__Work request__:
Every record below should be repeated word for word, with the pictures left out.

(Data records)
+++

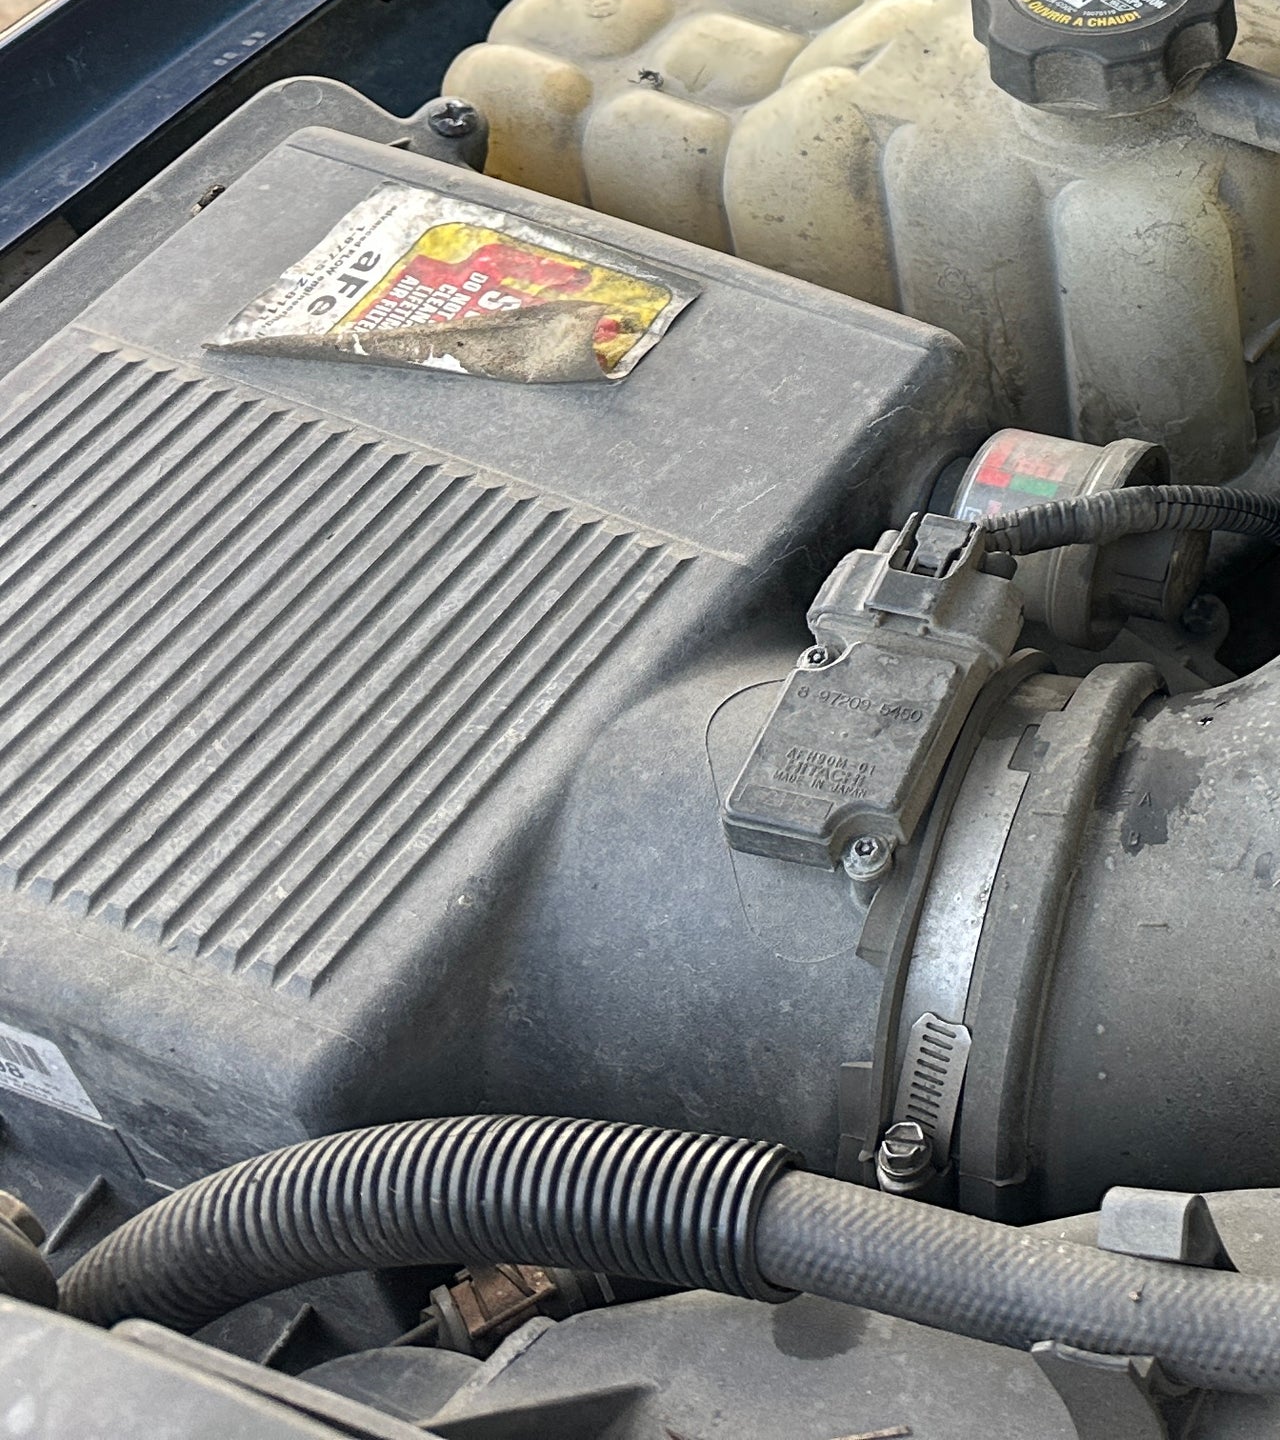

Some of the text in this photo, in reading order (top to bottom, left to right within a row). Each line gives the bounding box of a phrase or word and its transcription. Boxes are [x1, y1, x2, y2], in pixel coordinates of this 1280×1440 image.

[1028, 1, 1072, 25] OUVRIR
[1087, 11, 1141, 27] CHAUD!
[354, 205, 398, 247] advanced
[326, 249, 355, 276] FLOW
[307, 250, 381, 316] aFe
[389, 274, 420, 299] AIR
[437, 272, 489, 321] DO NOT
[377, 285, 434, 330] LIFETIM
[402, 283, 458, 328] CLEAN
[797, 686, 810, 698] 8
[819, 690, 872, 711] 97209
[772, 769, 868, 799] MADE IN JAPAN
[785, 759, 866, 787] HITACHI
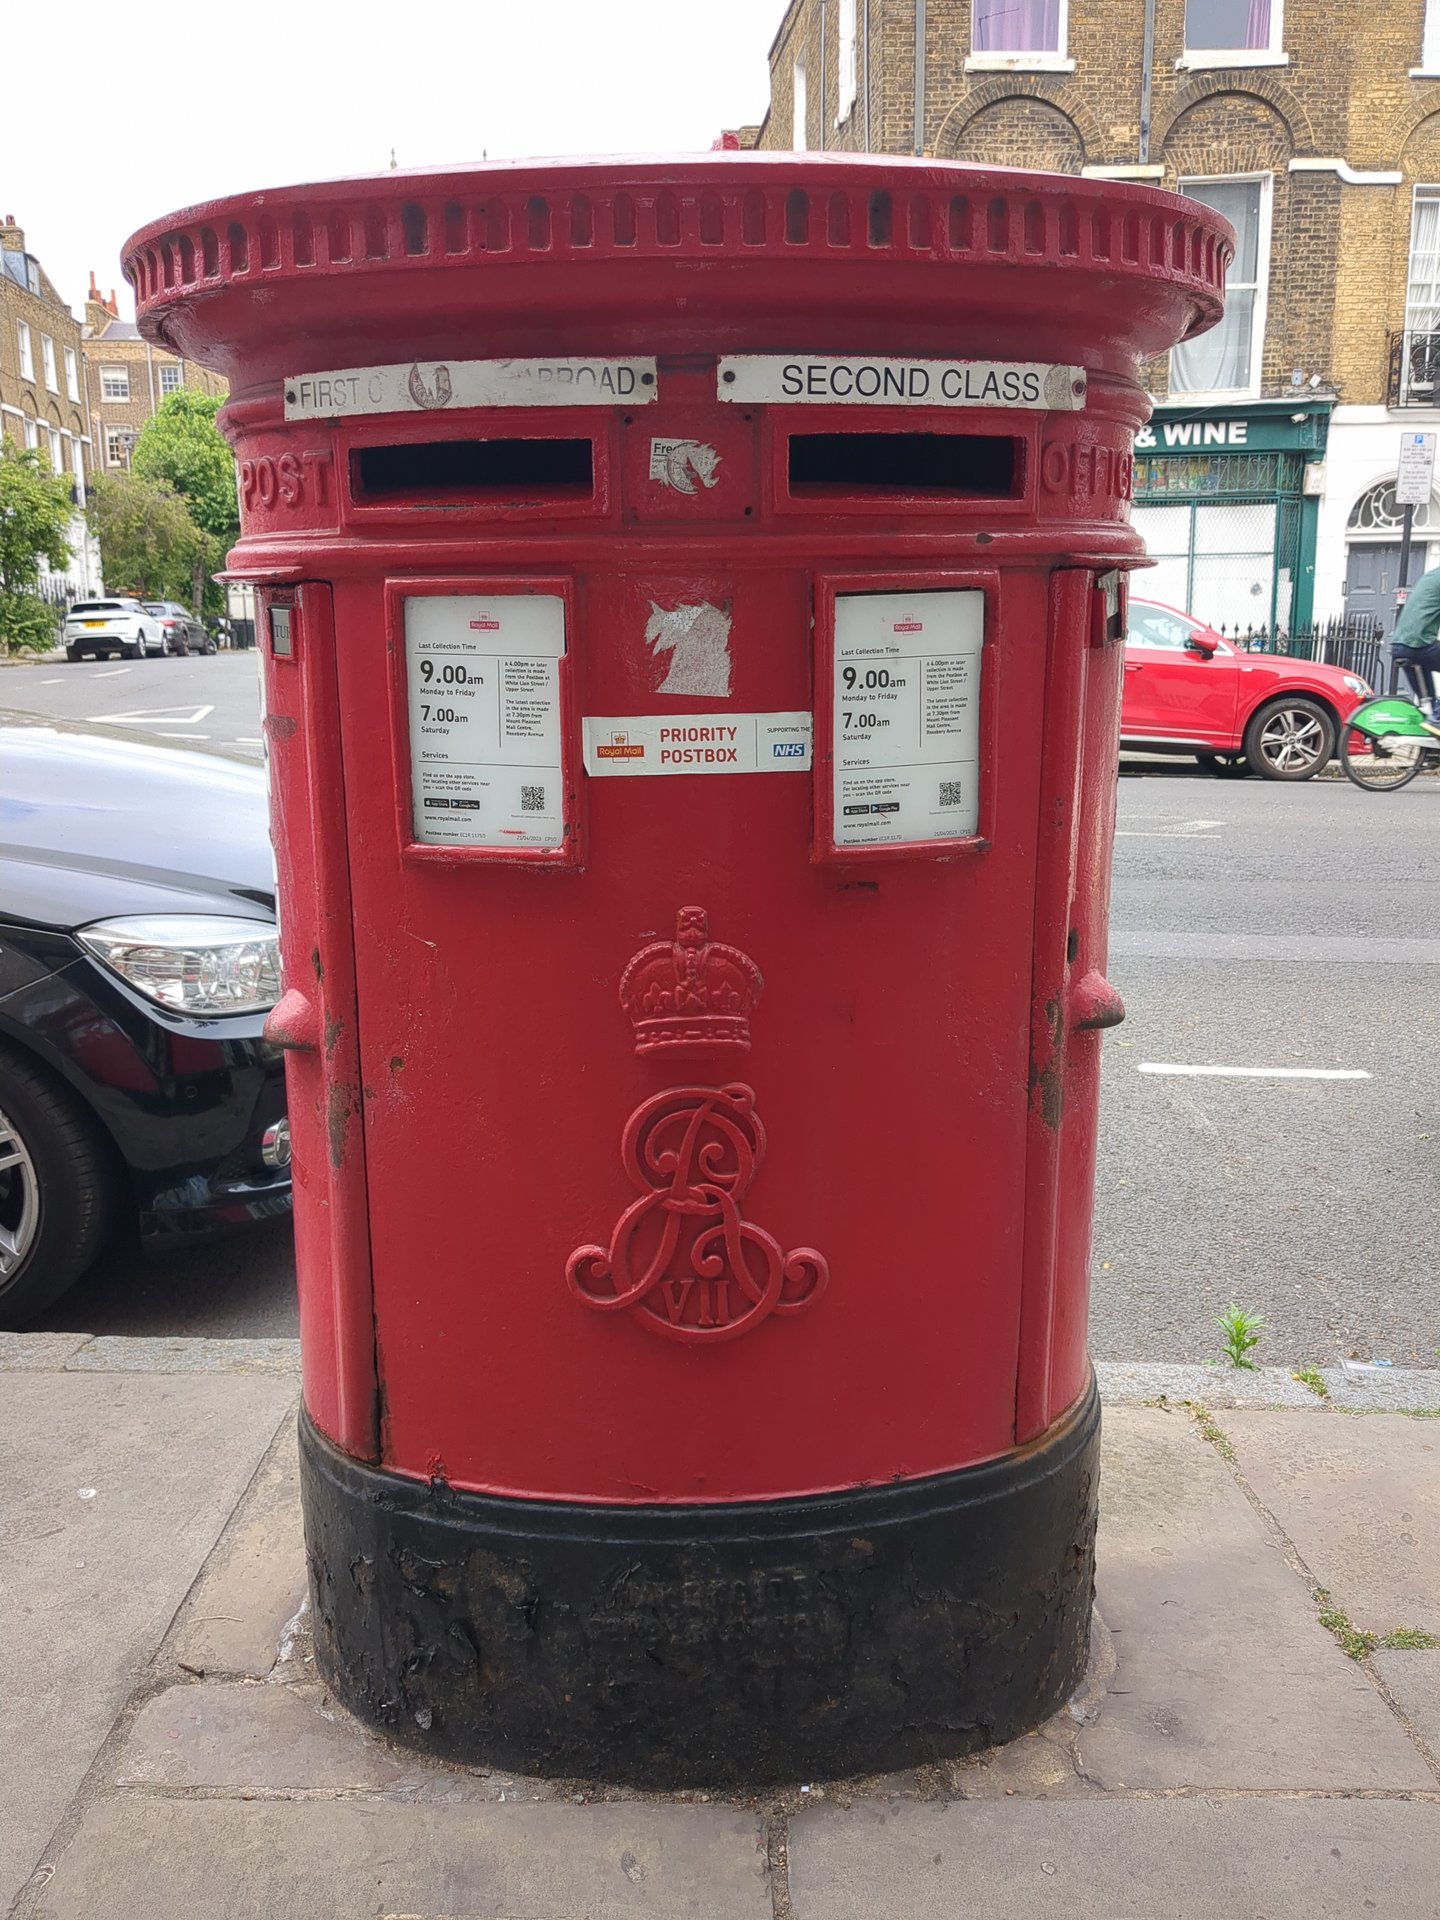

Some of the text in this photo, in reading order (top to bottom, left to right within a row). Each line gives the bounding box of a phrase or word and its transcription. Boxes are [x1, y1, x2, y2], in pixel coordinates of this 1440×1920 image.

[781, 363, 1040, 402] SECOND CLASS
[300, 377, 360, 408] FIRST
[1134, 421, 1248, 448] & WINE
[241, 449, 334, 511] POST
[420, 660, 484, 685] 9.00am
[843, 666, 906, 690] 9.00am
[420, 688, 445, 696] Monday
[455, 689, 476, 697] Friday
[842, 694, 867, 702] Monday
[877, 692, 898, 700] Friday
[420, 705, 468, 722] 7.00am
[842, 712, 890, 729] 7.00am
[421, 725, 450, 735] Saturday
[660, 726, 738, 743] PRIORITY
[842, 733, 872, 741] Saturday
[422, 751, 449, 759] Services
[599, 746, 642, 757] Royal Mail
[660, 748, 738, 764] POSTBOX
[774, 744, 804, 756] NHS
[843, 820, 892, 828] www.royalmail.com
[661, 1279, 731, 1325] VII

+++

__Answer space__:
Some of the text in this photo, in reading order (top to bottom, left to right within a row). Each line gives the bounding box of a phrase or word and its transcription. Boxes are [x1, y1, x2, y2], in pixel coordinates of this 1280×1440 image.

[1028, 1, 1072, 25] OUVRIR
[1087, 11, 1141, 27] CHAUD!
[354, 205, 398, 247] advanced
[326, 249, 355, 276] FLOW
[307, 250, 381, 316] aFe
[389, 274, 420, 299] AIR
[437, 272, 489, 321] DO NOT
[377, 285, 434, 330] LIFETIM
[402, 283, 458, 328] CLEAN
[797, 686, 810, 698] 8
[819, 690, 872, 711] 97209
[772, 769, 868, 799] MADE IN JAPAN
[785, 759, 866, 787] HITACHI

Some of the text in this photo, in reading order (top to bottom, left to right within a row). Each line gives the bounding box of a phrase or word and its transcription. Boxes are [x1, y1, x2, y2], in pixel coordinates of this 1440×1920 image.

[781, 363, 1040, 402] SECOND CLASS
[300, 377, 360, 408] FIRST
[1134, 421, 1248, 448] & WINE
[241, 449, 334, 511] POST
[420, 660, 484, 685] 9.00am
[843, 666, 906, 690] 9.00am
[420, 688, 445, 696] Monday
[455, 689, 476, 697] Friday
[842, 694, 867, 702] Monday
[877, 692, 898, 700] Friday
[420, 705, 468, 722] 7.00am
[842, 712, 890, 729] 7.00am
[421, 725, 450, 735] Saturday
[660, 726, 738, 743] PRIORITY
[842, 733, 872, 741] Saturday
[422, 751, 449, 759] Services
[599, 746, 642, 757] Royal Mail
[660, 748, 738, 764] POSTBOX
[774, 744, 804, 756] NHS
[843, 820, 892, 828] www.royalmail.com
[661, 1279, 731, 1325] VII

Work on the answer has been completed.